SCREAM: Hi Anthony. Thanks for taking the time to talk to SCREAM, we’re big fans of the franchise. Did you ever expect the world to react to the first film in the way it did?
Anthony C. Ferrante: Not really. It was very strange. We were making a low budget movie so it shouldn’t have happened. It has a chance of like one in a million of something happening like that. Usually you make these movies, they come out and they have their audience or they don’t. They hit big or they go away. SyFy has some success with their shark stuff so there are the people who were aware of that but there is nothing on a mainstream level. We knew we made a weird movie and we knew it was fun and even I said, “What if in a few years we were lucky enough for it to become a cult film because of how odd and quirky it is?” Then it happened overnight and you are left standing there dumbfounded. We were working on the DVD when the movie blew up when suddenly I was made aware that everyone in the world knew about the movie at that time and it didn’t make any sense, it was an out-of-body experience. It was fantastic and great and I loved the fact that we got all this attention. So yeah, no one expected it and what I think makes it even better is that it wasn’t something that was bought or we forced people to see it, the general public found us and made us what we were and not by anything else. So instead of spending twenty million dollars on marketing to get someone to know the product we put the movie out and for three or four weeks the movie is all that people could talk about. I think movies like The Lone Ranger came out that summer and after a week no one was talking about it. So we were being talked about more than most studio films at the 20 million dollars mark and we were just a TV movie.

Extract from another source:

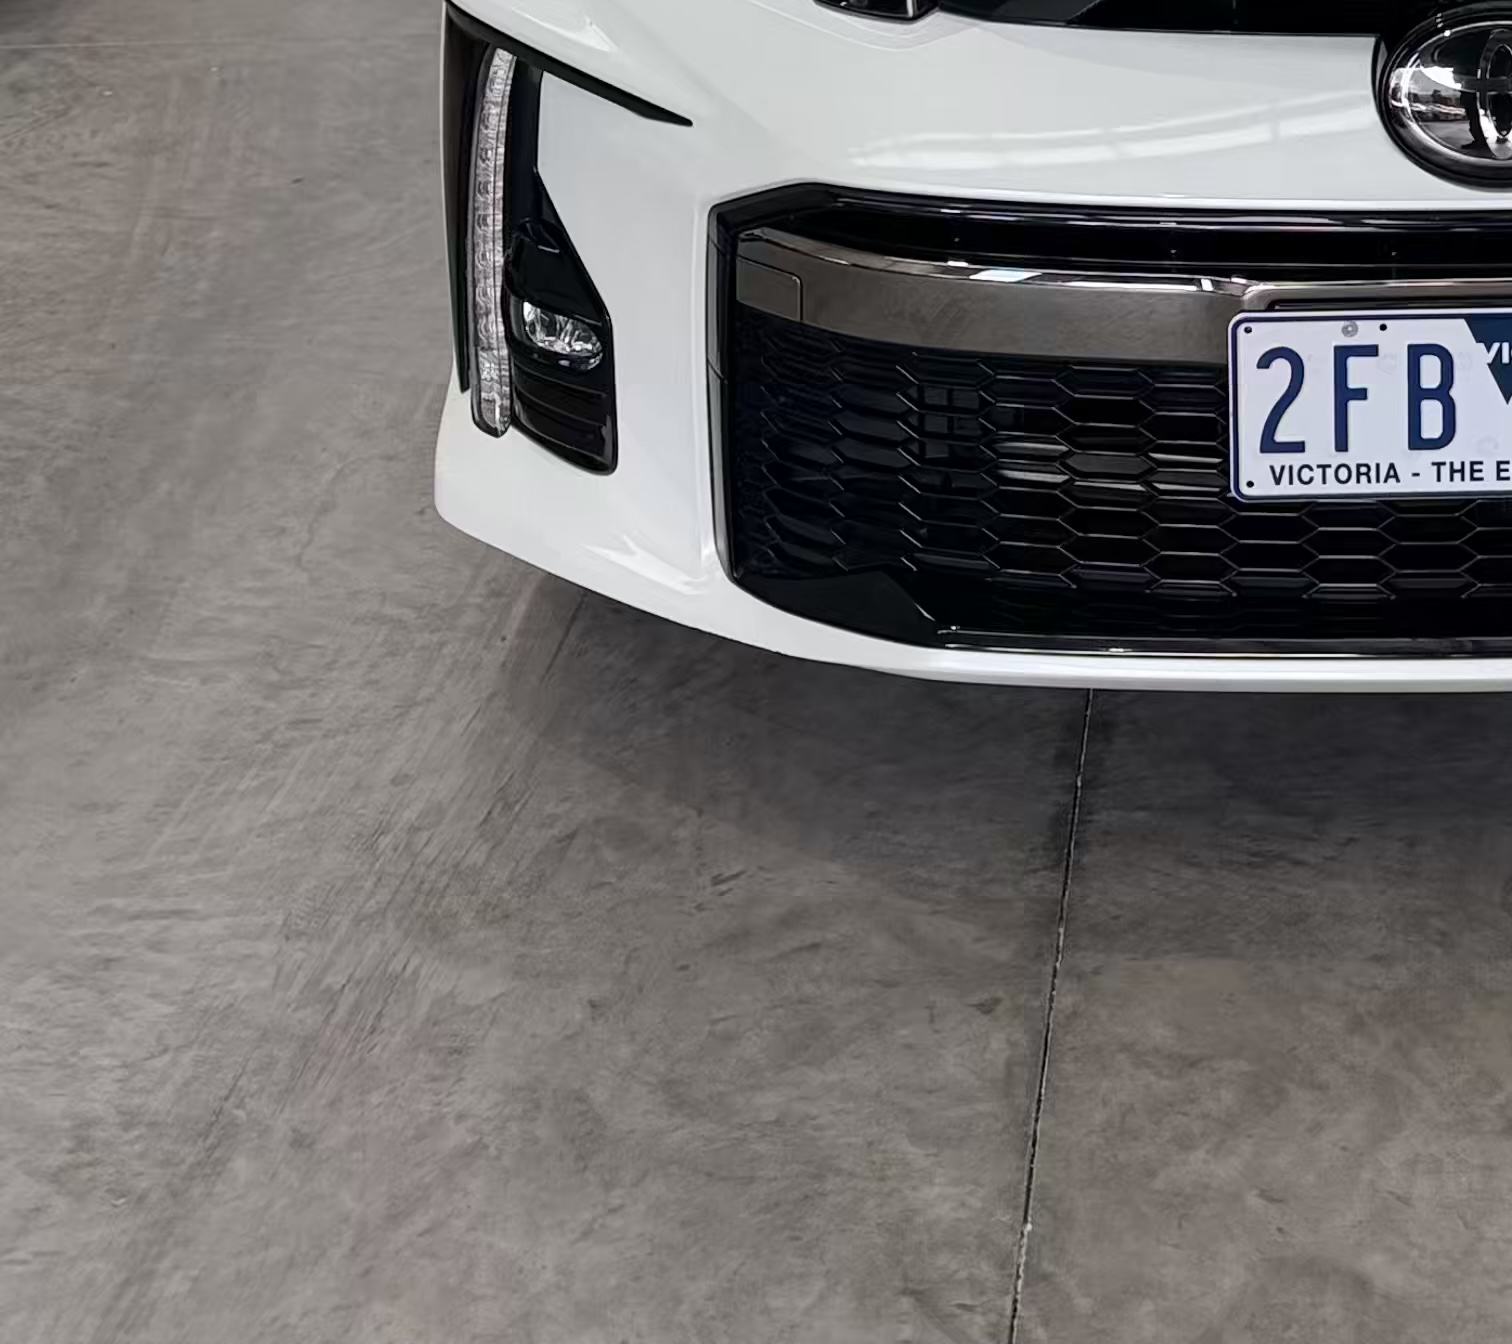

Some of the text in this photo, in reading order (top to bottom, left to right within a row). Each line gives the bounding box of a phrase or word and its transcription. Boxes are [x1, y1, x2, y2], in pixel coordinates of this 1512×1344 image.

Yeah, the film literally took Twitter by storm with fans and celebrities didn’t it?
Yes. The whole Twitter thing was neat. If you think about it there is a lot of buzz about things that are popular at one time. So when Sharknado came out there was this whole communal experience where everyone was making jokes and having fun. Then the celebrities got involved and the buzz got bigger. We earned our fans, not demanded it, and that is what is so neat about it.
When Sharknado 2: The Second One was released last summer there was a lot of buzz around the celebrity cameos that you had in it. Can you tell me more about this?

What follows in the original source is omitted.